Make an exact copy of all the entries below, with the pictures left out.

=== DATA PROVIDED ===

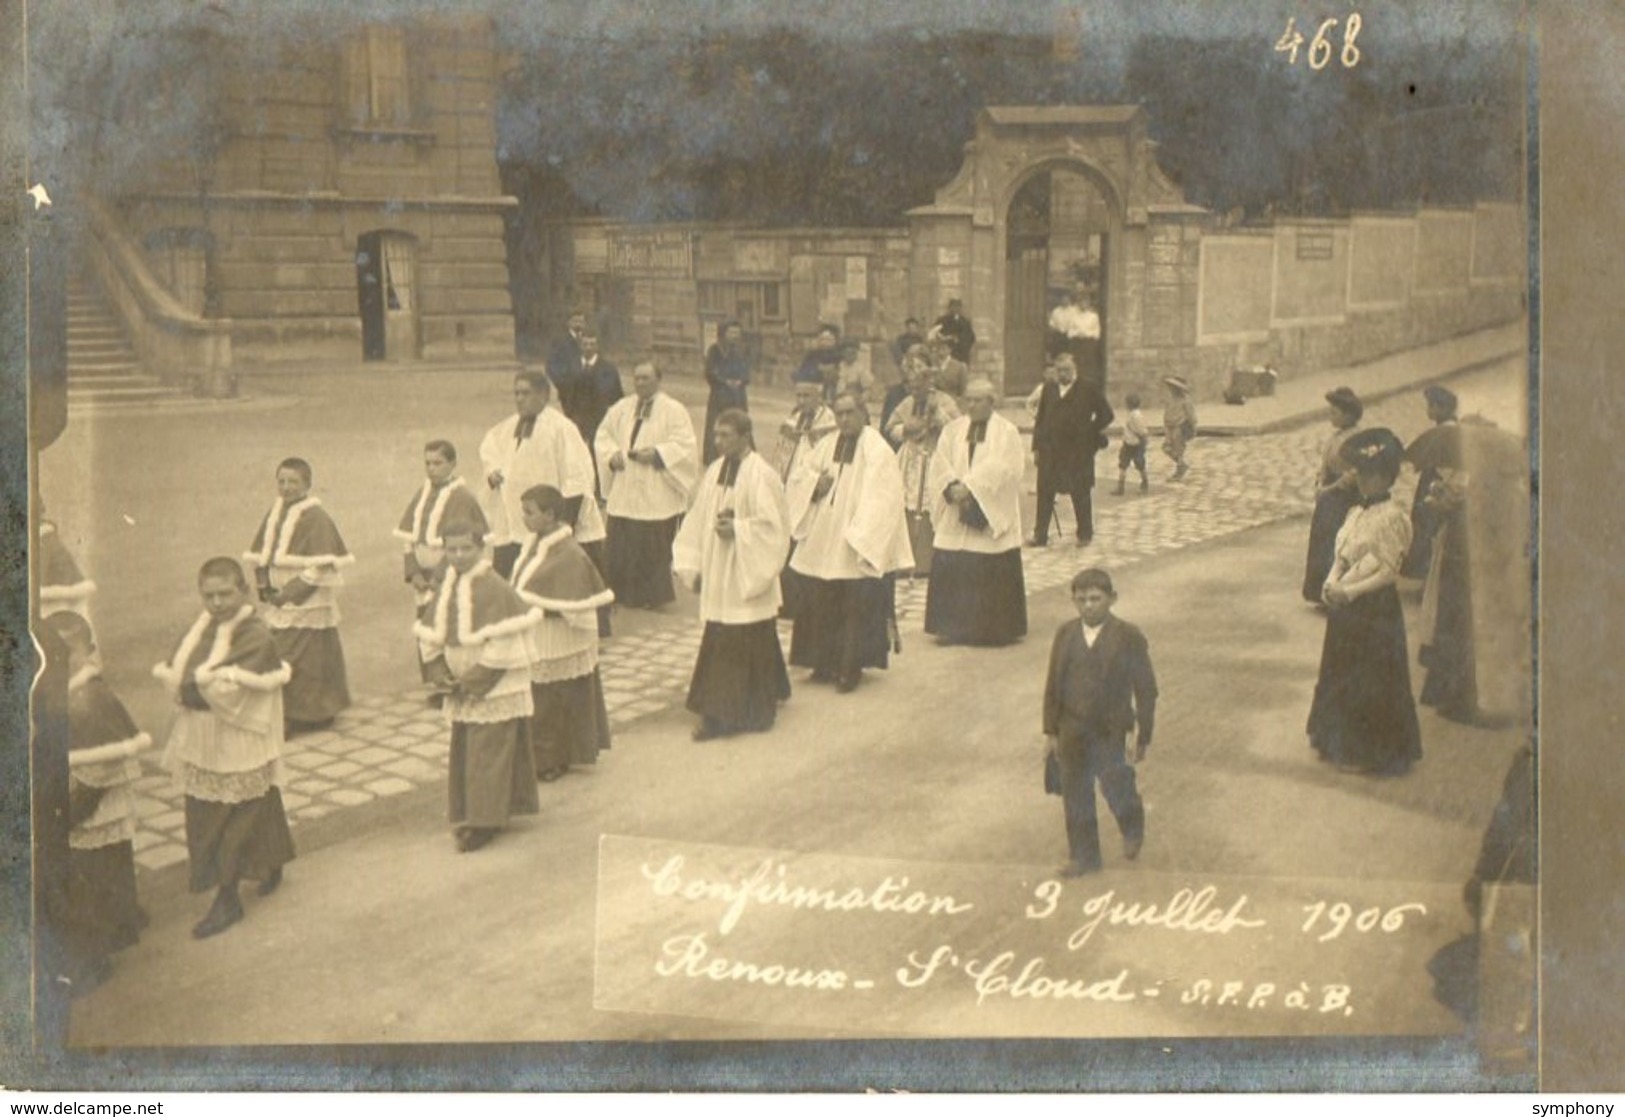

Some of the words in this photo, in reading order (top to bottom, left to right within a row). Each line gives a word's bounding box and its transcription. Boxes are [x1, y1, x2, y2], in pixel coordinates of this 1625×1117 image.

[1274, 12, 1362, 70] 468
[641, 854, 973, 935] Confirmation
[1026, 880, 1062, 919] 3
[1301, 901, 1427, 942] 1906
[1284, 981, 1311, 1009] à
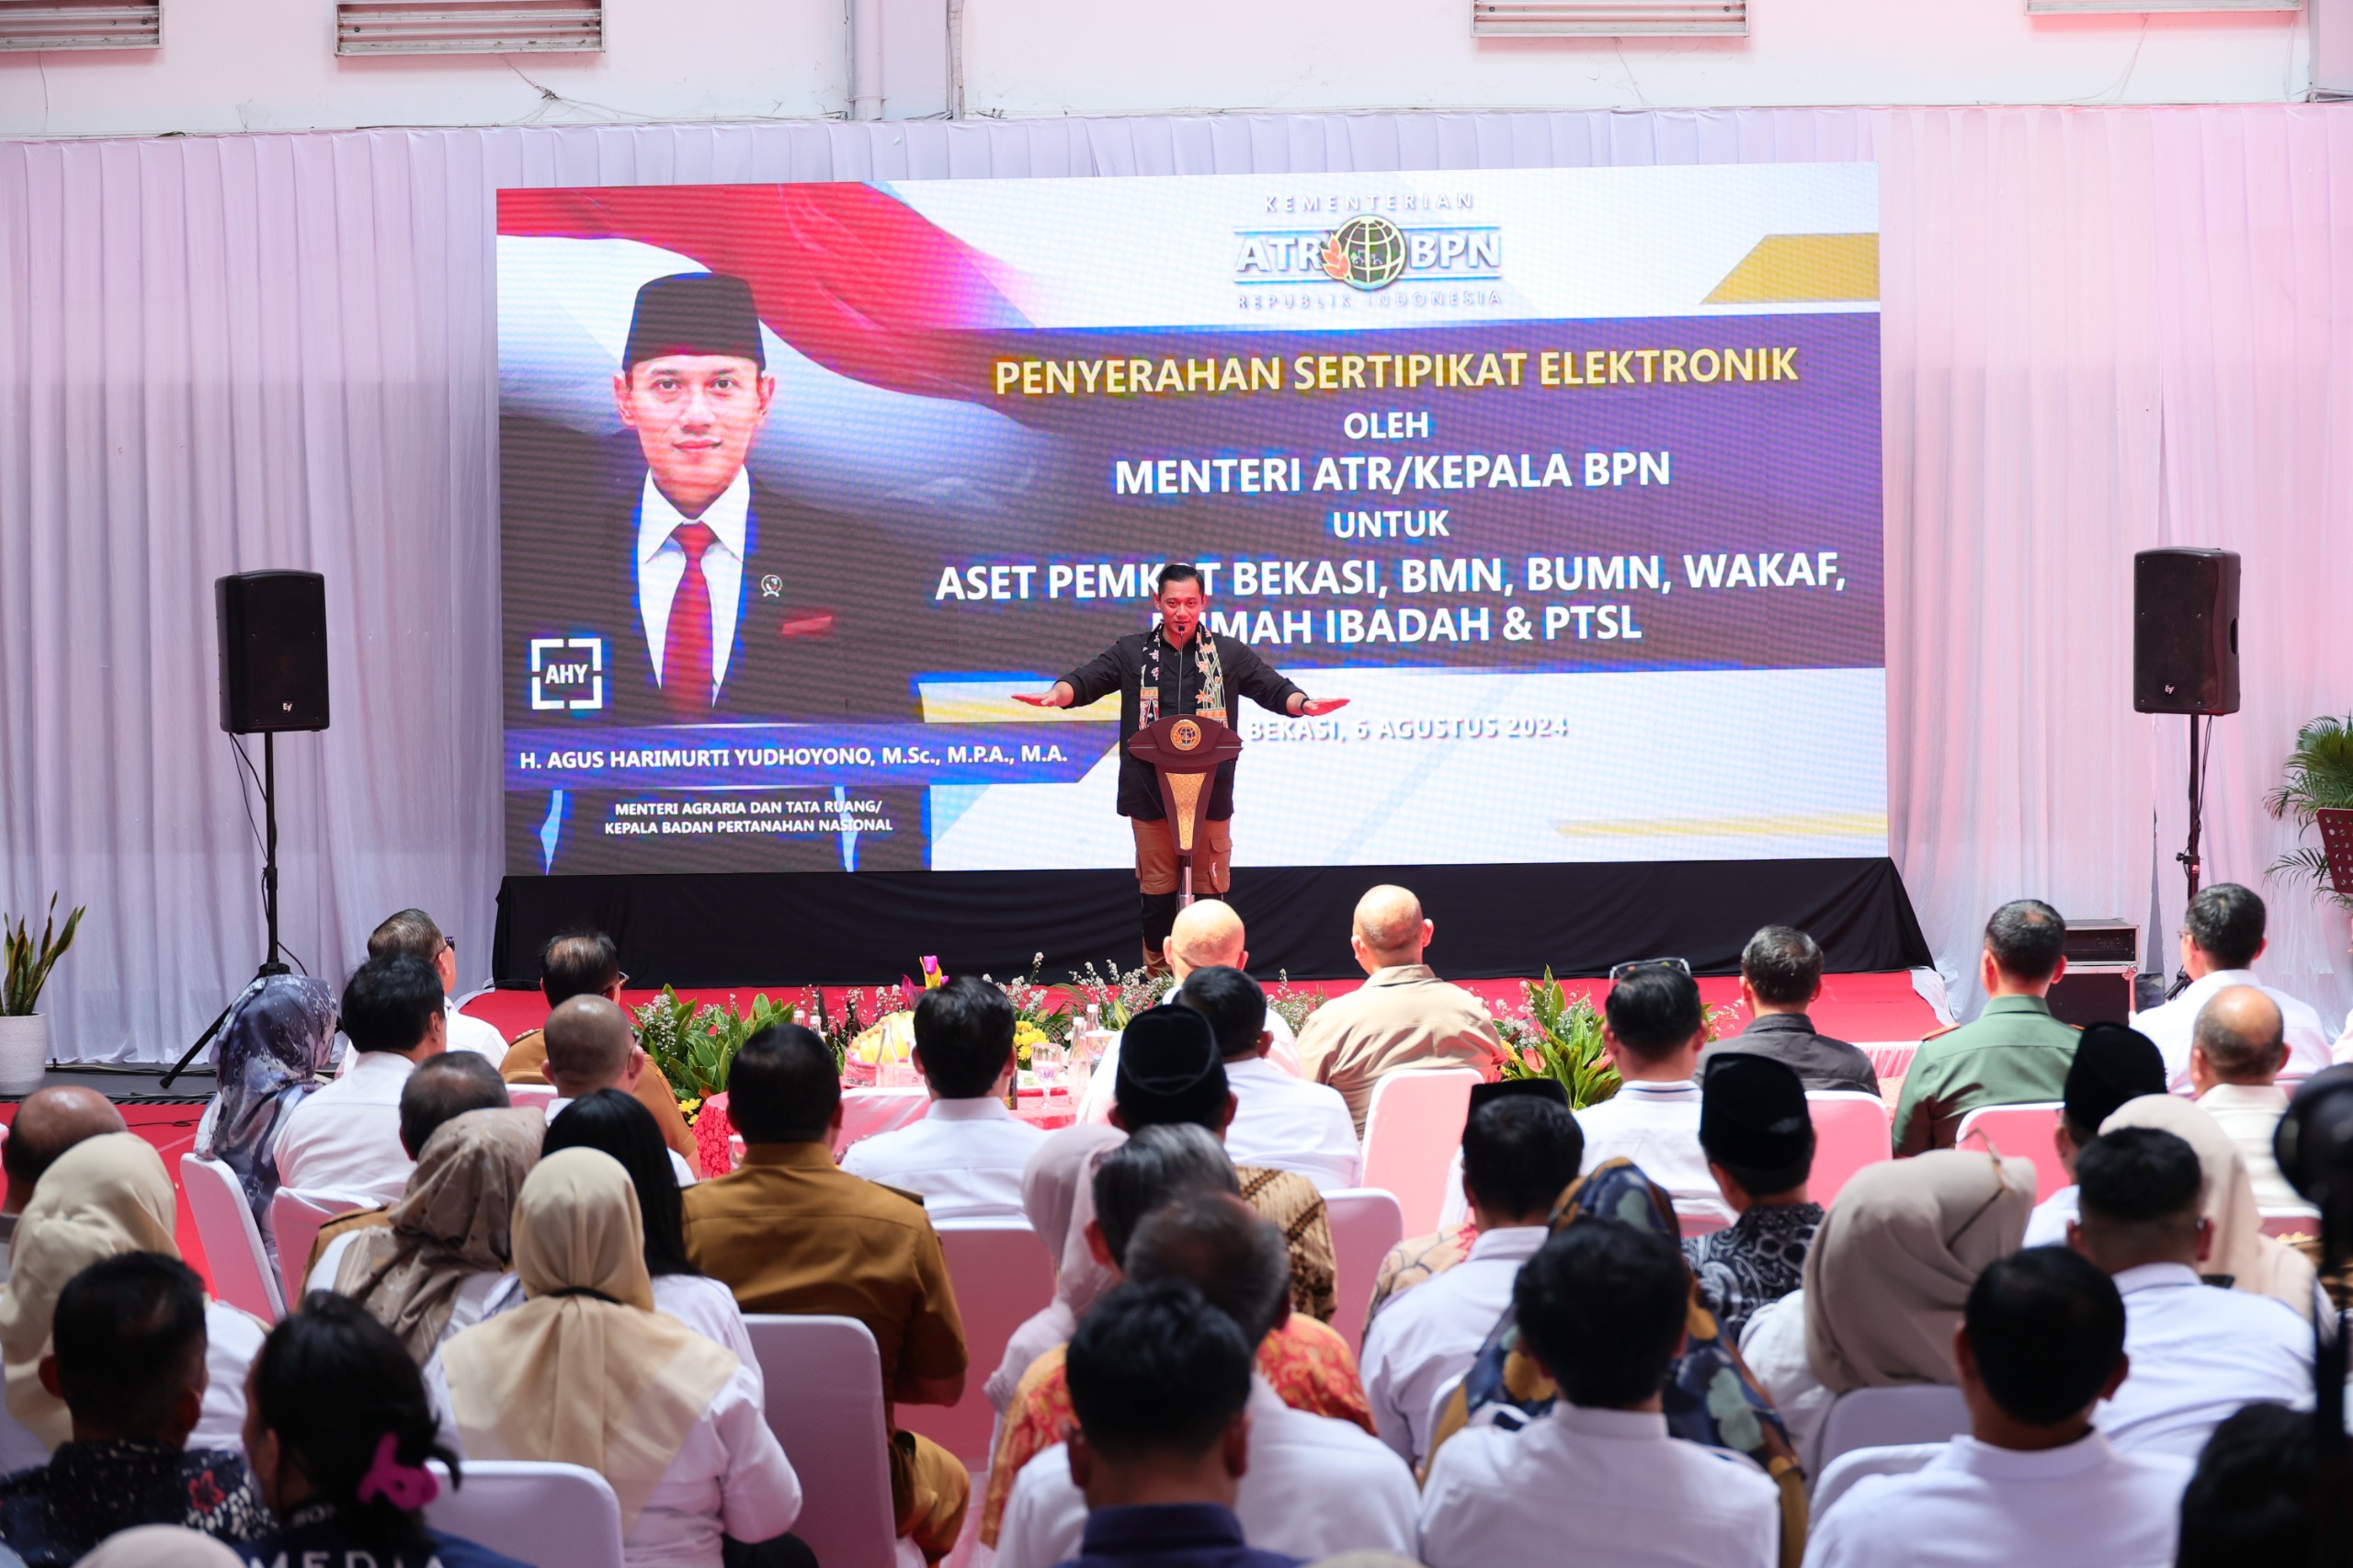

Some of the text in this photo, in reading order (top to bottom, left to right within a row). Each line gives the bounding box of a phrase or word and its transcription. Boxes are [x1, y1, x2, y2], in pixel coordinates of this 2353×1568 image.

===

• **RESULT FOR THIS EXERCISE**:
Some of the words in this photo, in reading order (top to bottom, left to right within a row). Each line gives a word's bounding box and its transcription. Boxes are [x1, y1, x2, y2], in pixel coordinates of this 1625×1117 image.

[1274, 12, 1362, 70] 468
[641, 854, 973, 935] Confirmation
[1026, 880, 1062, 919] 3
[1301, 901, 1427, 942] 1906
[1284, 981, 1311, 1009] à

Some of the text in this photo, in reading order (top to bottom, left to right within a row). Each line gives the bounding box of a phrase or word and its transcription. Boxes are [x1, y1, x2, y2], in pixel coordinates of this 2353×1568 image.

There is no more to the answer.